For a period towards the end of my employment at Richland College, I served as Interim Vice President of Academic Affairs and Student Success, and I was delighted to have been able to mentor one of my faculty to take over my role of Executive Dean when I retired.
How did your time and study at Queen Mary help your career and development? Apart from providing an excellent education in Zoology, based heavily on the study of original publications and involvement in lab and field work, it showed me how important cooperation with colleagues is in order to progress in any field of study. Perhaps we were lucky to have a group who were so compatible, but I came to believe that our selection for this small program was greatly influenced by the personalities we displayed during our interviews. As I mentioned above, this factor had a major effect subsequently on the hiring decisions I made throughout my career.
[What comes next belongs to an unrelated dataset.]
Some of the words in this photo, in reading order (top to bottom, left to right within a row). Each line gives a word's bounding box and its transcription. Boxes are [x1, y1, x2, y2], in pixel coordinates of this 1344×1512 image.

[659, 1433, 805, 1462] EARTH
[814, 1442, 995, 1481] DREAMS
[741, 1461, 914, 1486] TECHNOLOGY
Is there any advice you would give to current students or recent graduates considering their career options? Yes. First, major in the subject that interests you most, not the one that you believe will make you the most employable or well-off. Second, whatever position you are considering when you graduate, ask as many people as you can who have similar positions about its positives and negatives. If they appear to be unhappy, you probably would be, too.
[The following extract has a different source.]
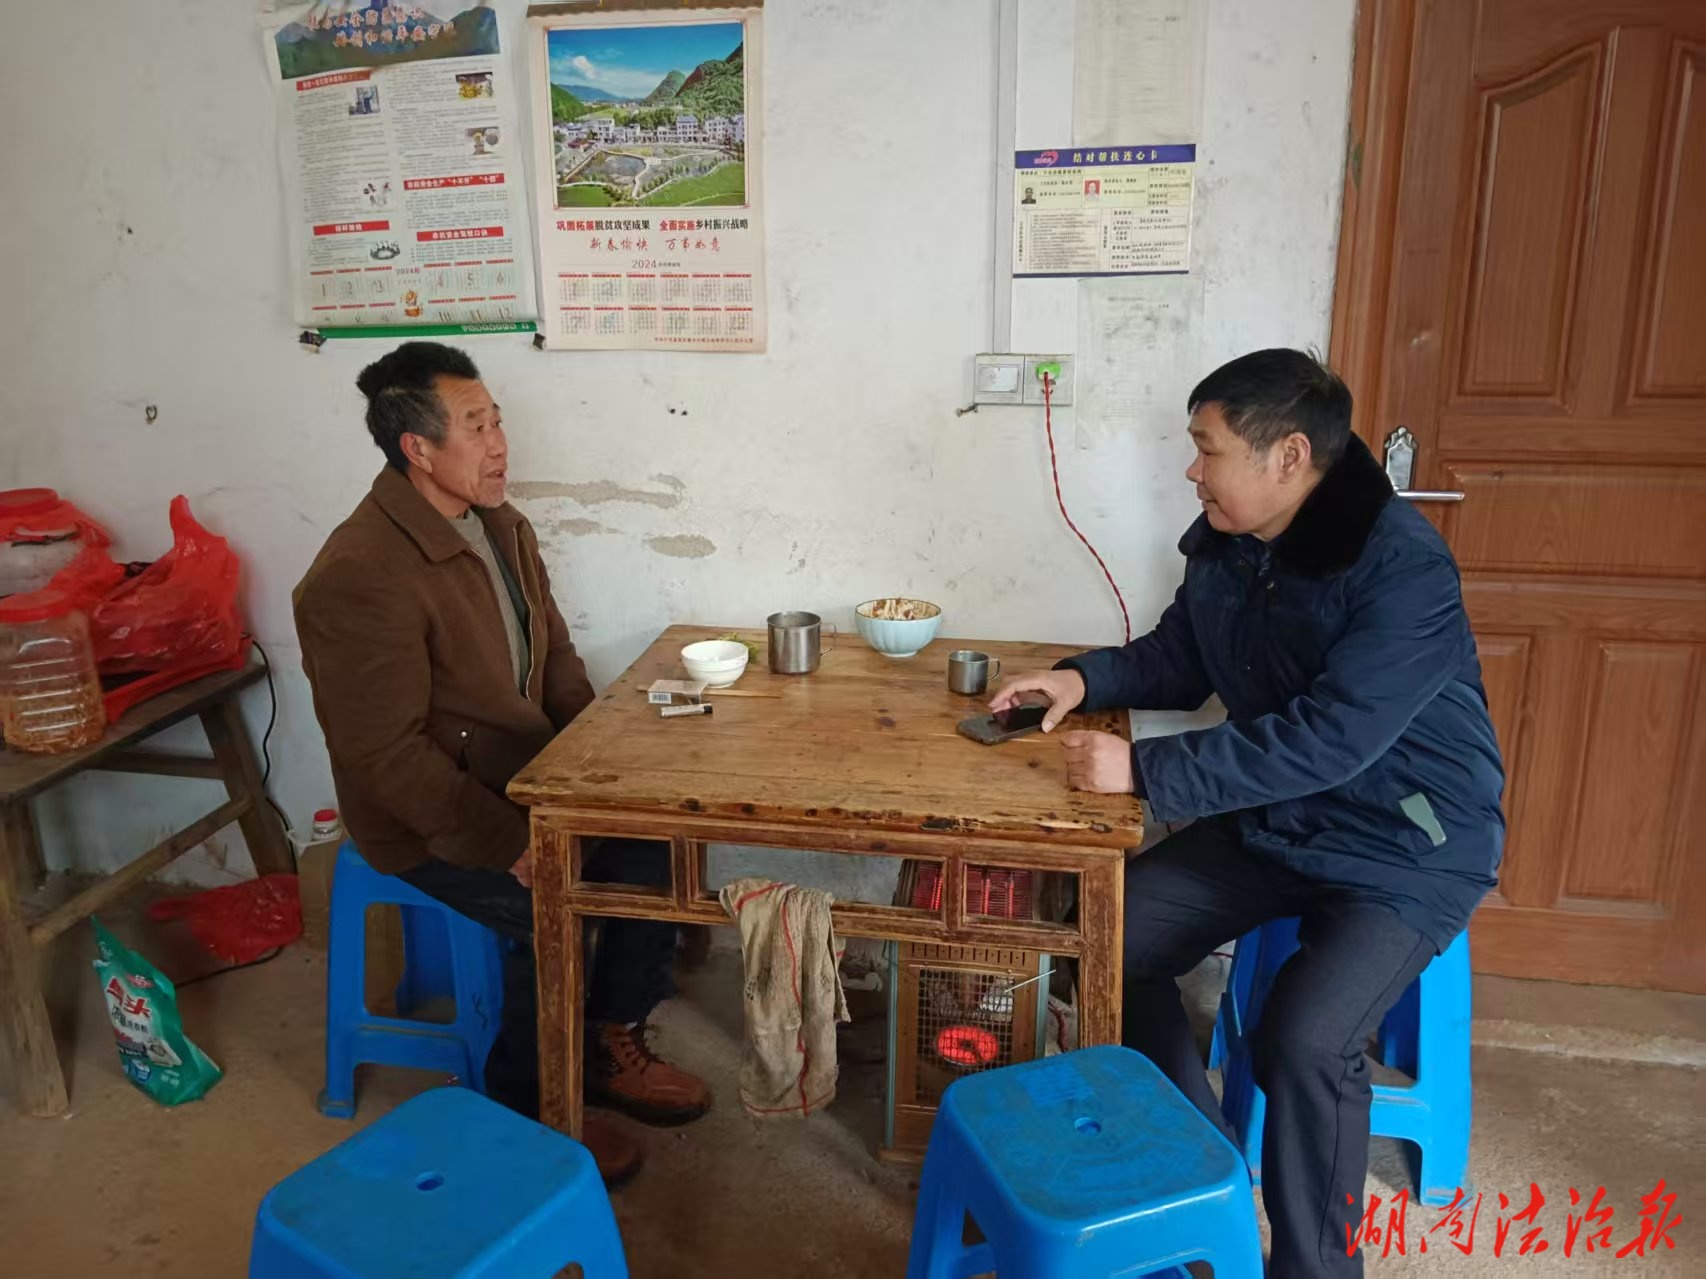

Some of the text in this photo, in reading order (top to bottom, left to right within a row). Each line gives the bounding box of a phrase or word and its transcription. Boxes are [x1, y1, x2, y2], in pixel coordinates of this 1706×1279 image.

[1072, 151, 1158, 163] 结对帮扶连心卡
[556, 218, 749, 232] 巩固拓展脱贫攻坚成果 全面实施乡村振兴战略
[589, 237, 721, 252] 新春愉快 万事如意
[632, 259, 657, 269] 2024
You mention that you have studied, worked and travelled in numerous countries and places around the world, if you could have worked in any place in the whole world throughout your working career, where would it have been? I believe my choice would be New Zealand. I visited that country only once, a couple of years ago, and was delighted with the people I met and with the bucolic countryside, once Aukland is left behind. It struck me that Britain probably looked like that—a century or more ago.
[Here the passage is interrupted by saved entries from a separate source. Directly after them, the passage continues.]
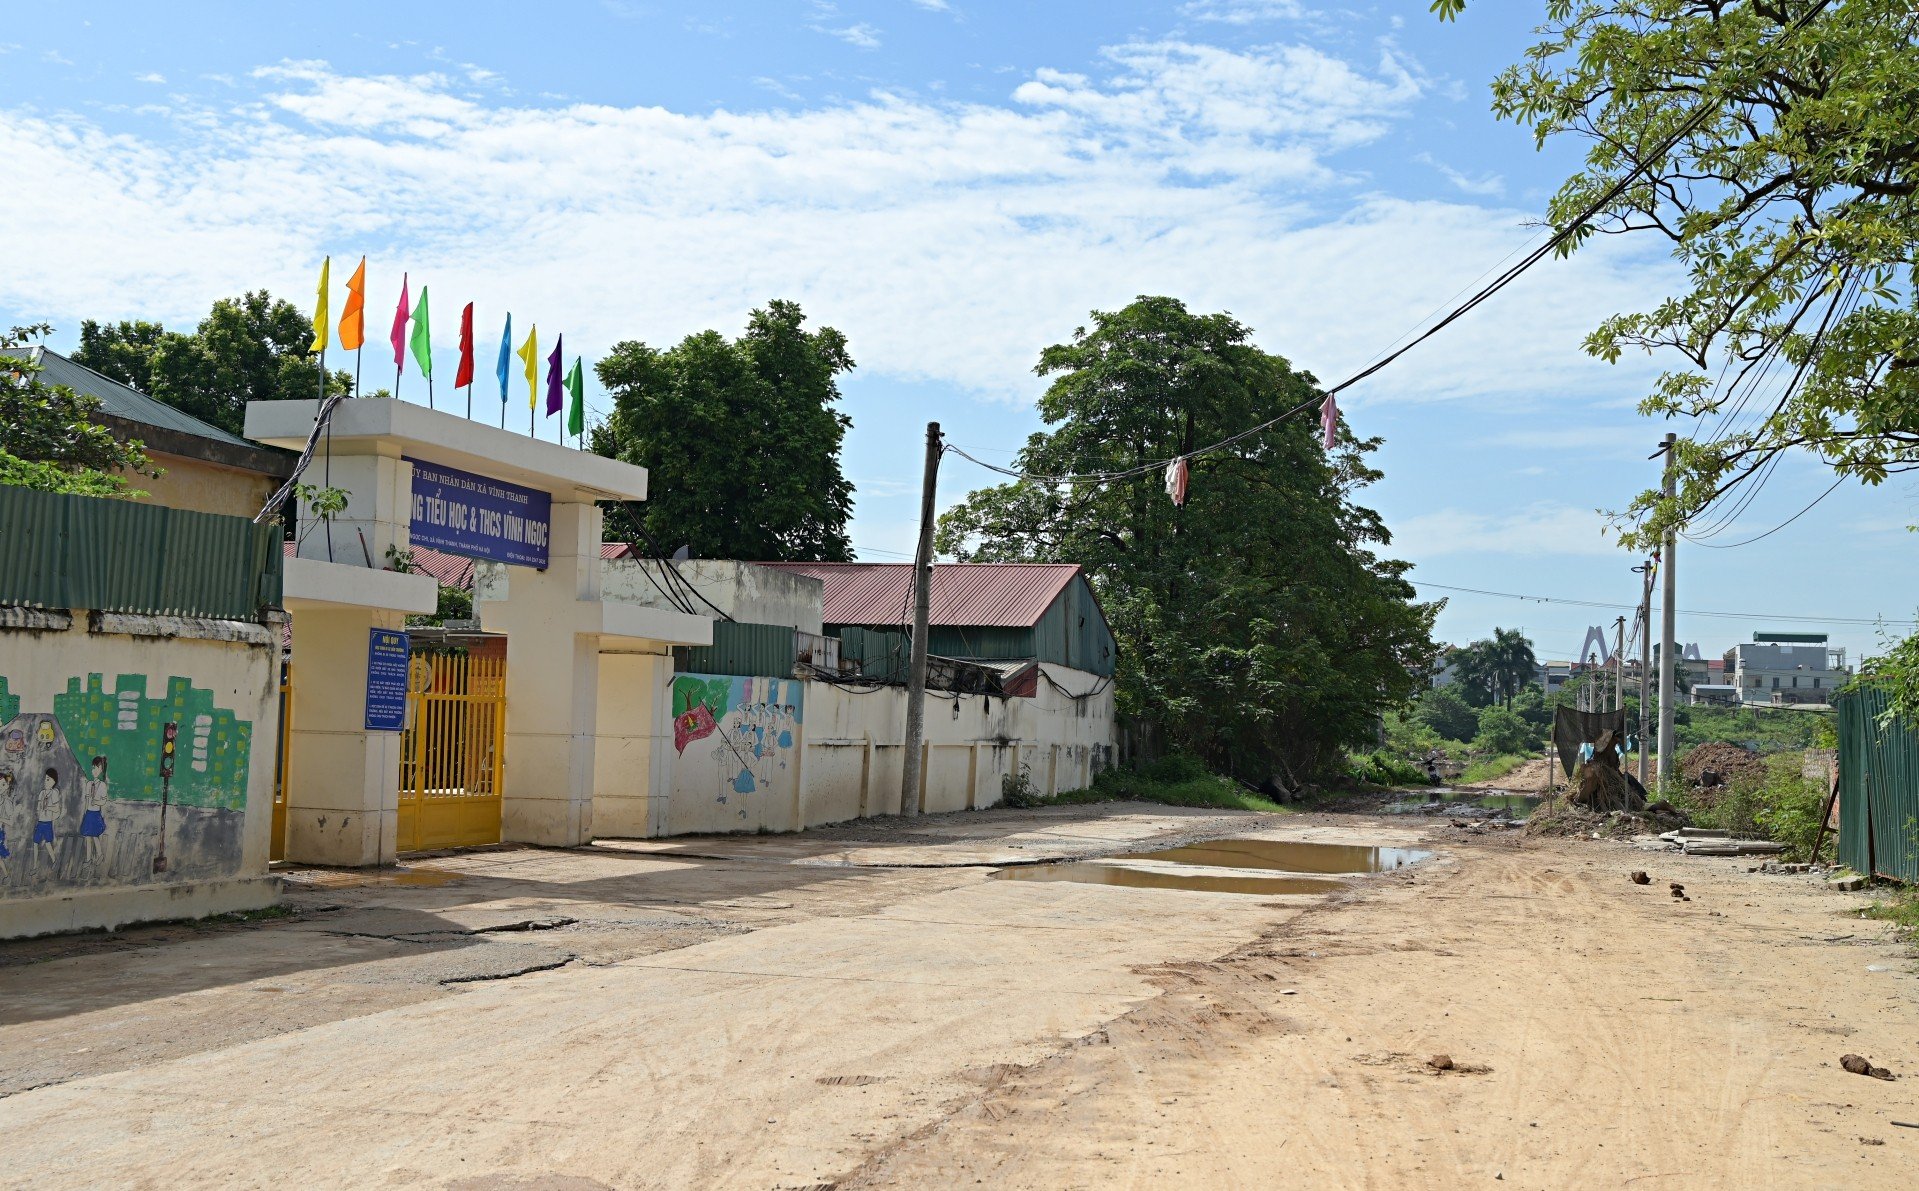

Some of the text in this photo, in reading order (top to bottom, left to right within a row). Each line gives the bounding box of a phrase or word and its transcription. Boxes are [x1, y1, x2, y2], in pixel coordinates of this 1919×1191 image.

[422, 470, 438, 482] BAN
[439, 475, 460, 488] NHÂN
[461, 479, 476, 491] DÂN
[477, 484, 487, 496] XÃ
[488, 486, 505, 499] VĨNH
[506, 491, 528, 504] THANH
[410, 488, 548, 552] NG TIỂU HỌC & THCS VĨNH NGỌC
What was so special about your time at Queen Mary? The camaraderie among our class of 14 students throughout our three-year program comes first to mind. Then, the wonderful experience of field work in the summers at Plymouth and Whitstable, as I mentioned previously. Third, the support the faculty provided us whenever it was needed. Particular individual moments? Seeing Professor J.E. Smith demonstrate the dissection of a snail, primarily using his thumb nails, and seeing Professor Gordon Newell leading students rapidly across a slippery rocky shore, despite war injuries that caused him to use a walking stick.
Have you kept in touch with any of your fellow Queen Mary alumni throughout your lifetime? I have. Two members of the Zoology graduating class of 1964 with whom I was close have died, and, of the rest, I am in contact with one on the Isle of Wight, one in Halifax, Nova Scotia, and one on Vancouver Island. I would love to make contact again with the other eight after so many years.